Above is a bar chart of the causes of recreational  boating accidents in 2018. The x-axis is the categories, the cause of the recreational boating accident. The y-axis is the frequency of the causes. If you hover over each bar, the bar chart will also tell the reader how much percent of 2018 US recreational boating accidents it accounts for. All of the causes add up to 100%. From the bar chart, we can see that hazardous waters is the most common cause, accounting for ~31.6% of recreational boating accidents.
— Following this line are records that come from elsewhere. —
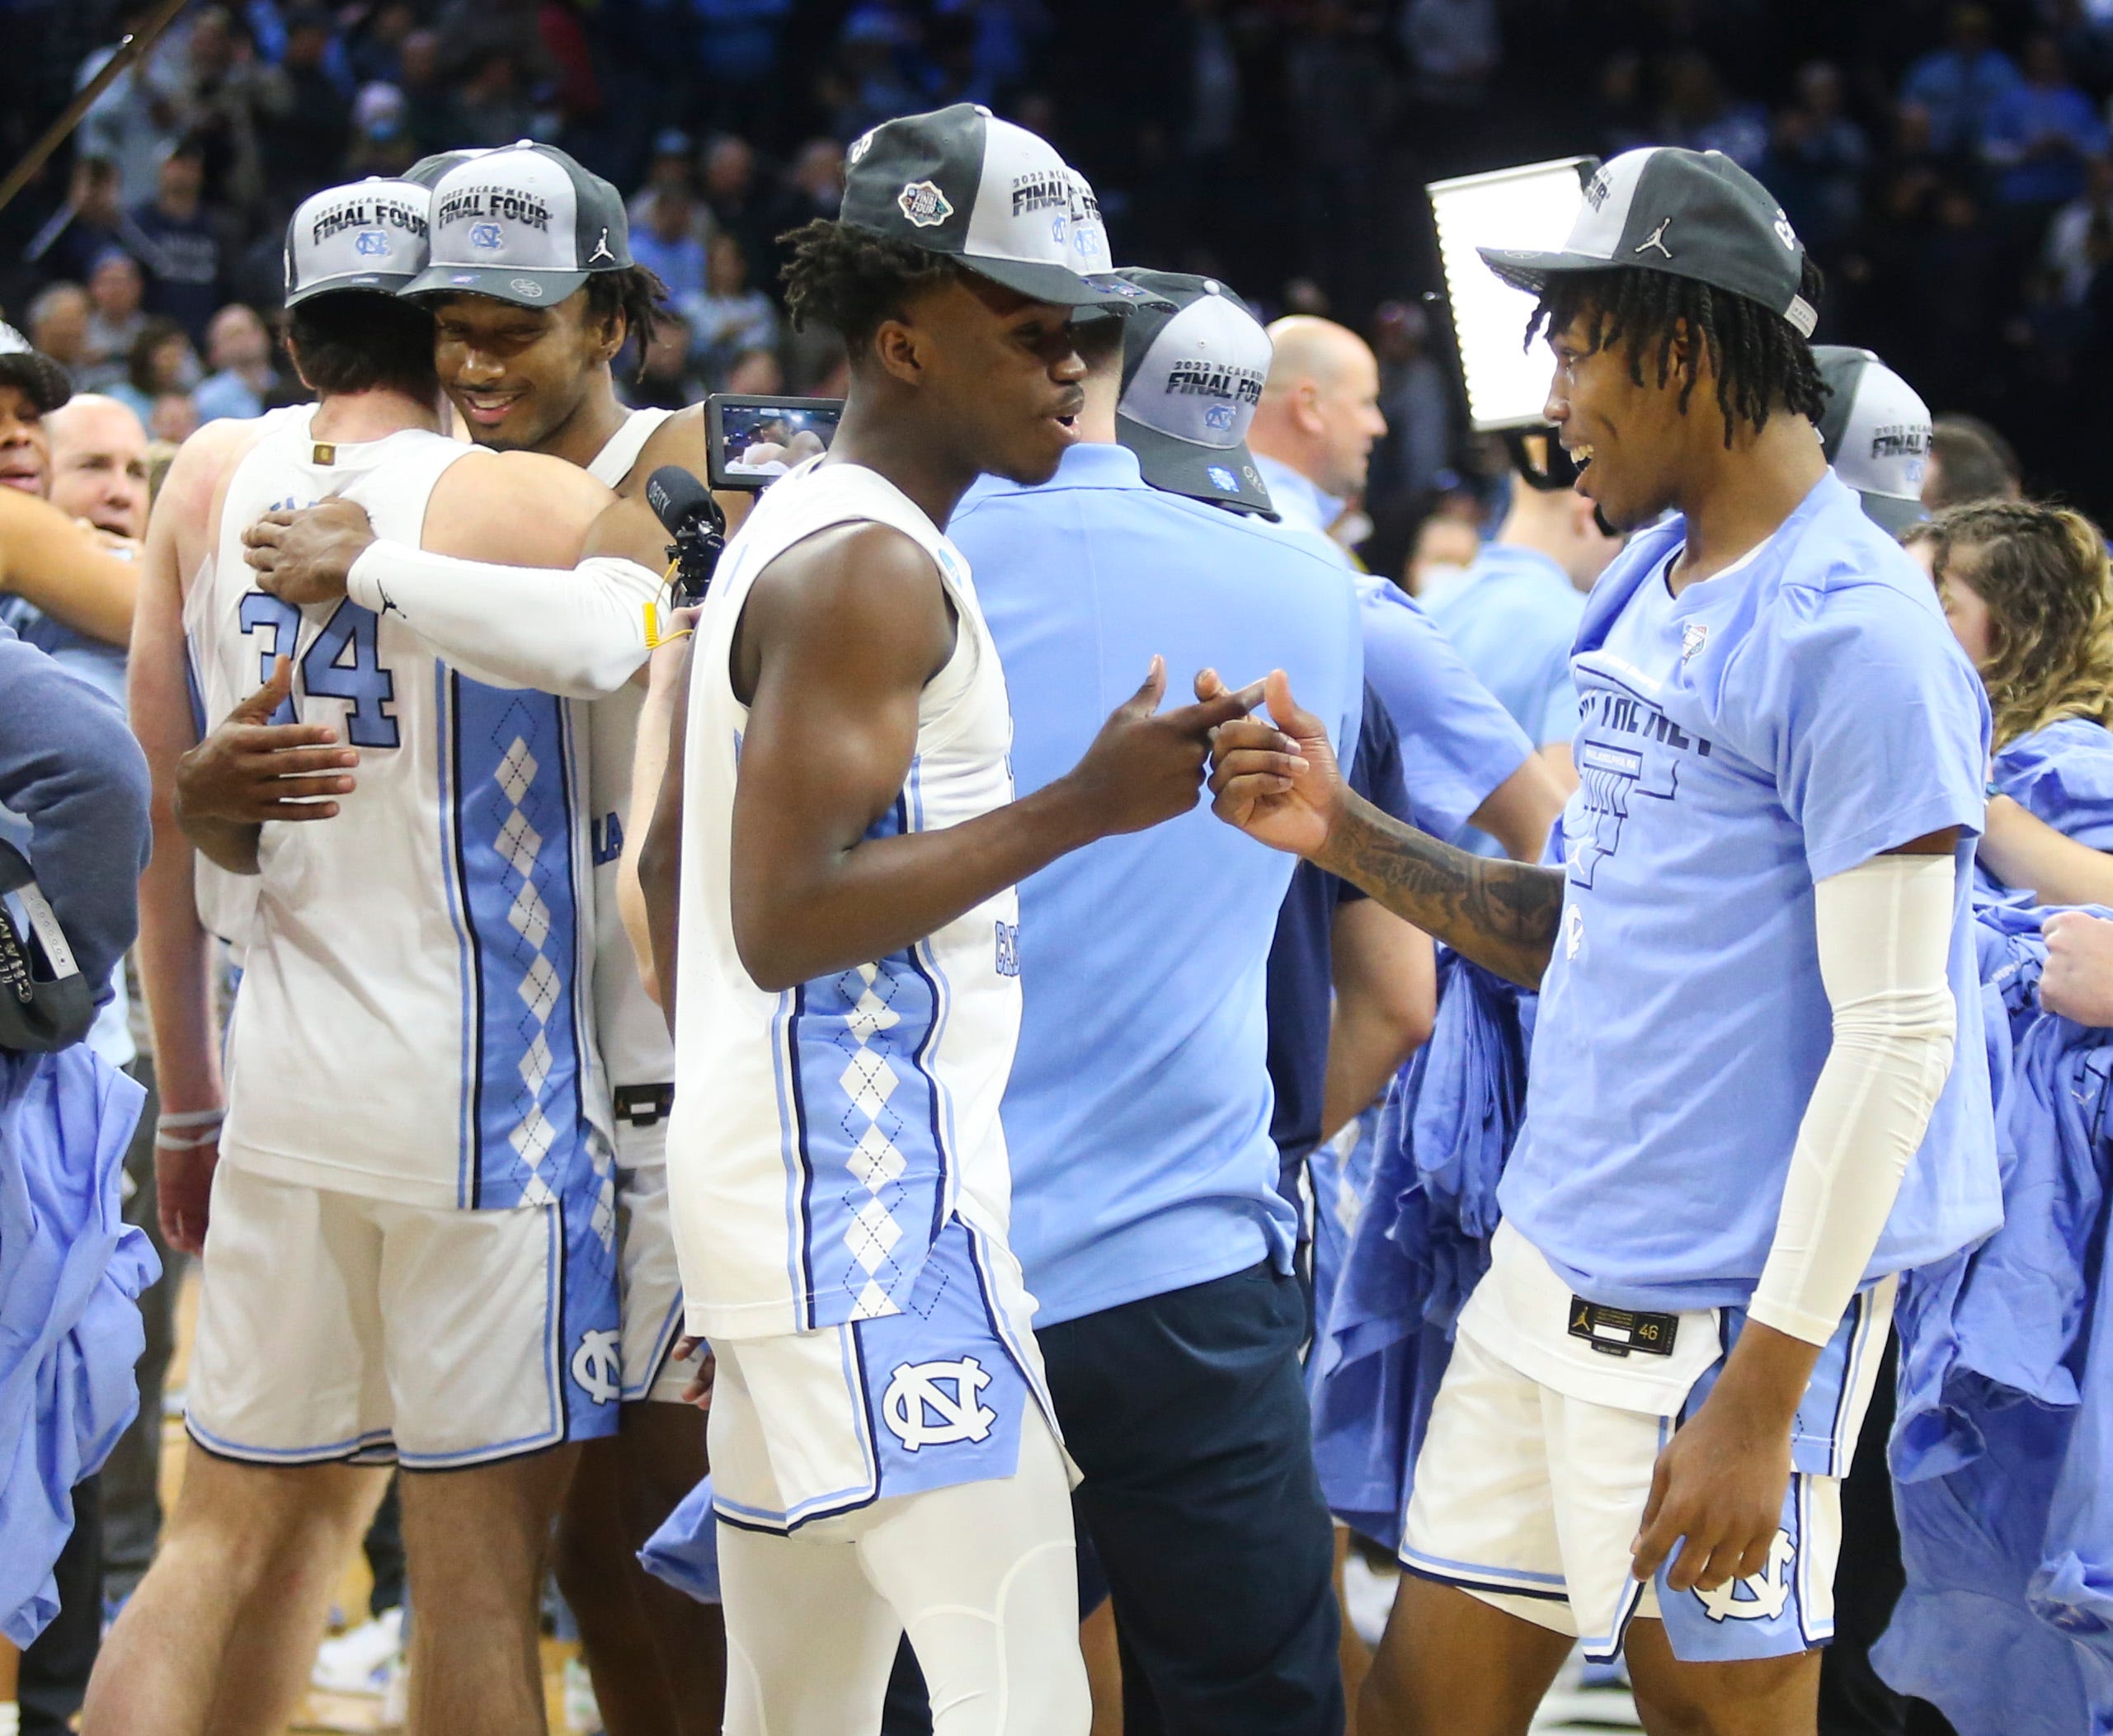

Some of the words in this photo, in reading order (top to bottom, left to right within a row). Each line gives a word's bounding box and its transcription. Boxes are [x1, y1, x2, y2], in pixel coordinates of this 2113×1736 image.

[1013, 172, 1044, 188] 2022
[1012, 181, 1066, 217] FINAL
[313, 205, 371, 246] FINAL
[439, 195, 485, 229] FINAL
[490, 195, 549, 233] FOUR
[1174, 361, 1212, 371] 2022
[1165, 372, 1233, 399] FINAL
[1871, 434, 1922, 459] FINAL
[648, 481, 671, 515] DEITY
[1638, 1323, 1659, 1341] 46
The second most common cause is restricted vision, accounting for ~17.7% of the accidents. Both of these causes account for ~49.3% of accidents. About half of the time, these accidents are outside of  the operator's control. Recreational boating accidents caused by the operator's fault are not as common. Causes that are the operators fault such as improper lookout, excessive speed, alcohol use, operator inattention only account for about ~27% of the accidents. Accidents are caused either natural causes or equipment and machinery failure most of the time. Based on this visualization, boat operators should be advised to not sail in non-optimal conditions and to check their equipments before sailing.